No Advance 8868886958 Chandigarh Call Girls , Indian Call Girls For Full Nigh...No Advance 8868886958 Chandigarh Call Girls , Indian Call Girls For Full Nigh...
No Advance 8868886958 Chandigarh Call Girls , Indian Call Girls For Full Nigh...
 
George Lever - eCommerce Day Chile 2024
George Lever -  eCommerce Day Chile 2024George Lever -  eCommerce Day Chile 2024
George Lever - eCommerce Day Chile 2024
 

Bigdata analytics

  • 1. WORKING WITH BIG DATA BY: GURUABIRAMI.D M.SC IT DEPARTMENT OF CS & IT NADAR SARASWATHI COLLEGE OF ARTS AND SEIENCE, THENI.
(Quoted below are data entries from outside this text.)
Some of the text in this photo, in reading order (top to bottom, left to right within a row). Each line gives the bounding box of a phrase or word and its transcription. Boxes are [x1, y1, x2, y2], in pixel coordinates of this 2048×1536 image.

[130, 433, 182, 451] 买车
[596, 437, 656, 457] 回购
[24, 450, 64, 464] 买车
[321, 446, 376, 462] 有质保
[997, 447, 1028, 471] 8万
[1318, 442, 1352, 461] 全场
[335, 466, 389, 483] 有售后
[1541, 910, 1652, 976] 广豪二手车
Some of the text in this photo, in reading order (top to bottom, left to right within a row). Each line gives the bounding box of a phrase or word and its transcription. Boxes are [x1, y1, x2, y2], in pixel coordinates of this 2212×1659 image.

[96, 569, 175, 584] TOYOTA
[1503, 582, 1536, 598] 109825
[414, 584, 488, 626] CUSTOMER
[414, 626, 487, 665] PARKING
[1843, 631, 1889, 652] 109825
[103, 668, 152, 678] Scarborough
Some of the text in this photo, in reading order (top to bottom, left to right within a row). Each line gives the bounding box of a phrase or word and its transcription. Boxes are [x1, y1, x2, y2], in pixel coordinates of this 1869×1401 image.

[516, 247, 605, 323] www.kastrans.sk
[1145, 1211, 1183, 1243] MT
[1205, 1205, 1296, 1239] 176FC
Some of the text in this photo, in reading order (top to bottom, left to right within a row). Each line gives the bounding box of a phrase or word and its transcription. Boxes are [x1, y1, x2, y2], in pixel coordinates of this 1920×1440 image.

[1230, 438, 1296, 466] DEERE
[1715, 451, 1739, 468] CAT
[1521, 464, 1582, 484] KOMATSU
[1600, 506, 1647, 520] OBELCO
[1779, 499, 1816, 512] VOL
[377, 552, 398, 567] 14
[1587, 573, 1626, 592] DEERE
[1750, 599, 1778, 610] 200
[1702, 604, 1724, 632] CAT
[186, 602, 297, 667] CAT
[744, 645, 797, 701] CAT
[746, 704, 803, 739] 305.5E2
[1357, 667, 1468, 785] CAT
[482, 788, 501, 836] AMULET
  • 2. STRATEGY : SAMPLE AND MODEL • N ITS ENTIRETY AND CREATE A MODEL ON THE SAMPLE. DOWN SAMPLING TO THOUSANDS – OR EVEN HUNDREDS OF THOUSANDS – OF DATA POINTS CAN MAKE MODEL RUNTIMES FEASIBLE WHILE ALSO MAINTAINING STATISTICAL VALIDITY.2 • IF MAINTAINING CLASS BALANCE IS NECESSARY (OR ONE CLASS NEEDS TO BE OVER/UNDER-SAMPLED), IT’S REASONABLY SIMPLE STRATIFY THE DATA SET DURING SAMPLING.
  • 3.
  • 4. ADVANTAGES • SPEED RELATIVE TO WORKING ON YOUR ENTIRE DATA SET, WORKING ON JUST A SAMPLE CAN DRASTICALLY DECREASE RUN TIMES AND INCREASE ITERATION SPEED. • PROTOTYPING EVEN IF YOU’LL EVENTUALLY HAVE TO RUN YOUR MODEL ON THE ENTIRE DATA SET, THIS CAN BE A GOOD WAY TO REFINE HYPER PARAMETERS AND DO FEATURE ENGINEERING FOR YOUR MODEL. • PACKAGES SINCE YOU’RE WORKING ON A NORMAL IN-MEMORY DATA SET, YOU CAN USE ALL YOUR R PACKAGES.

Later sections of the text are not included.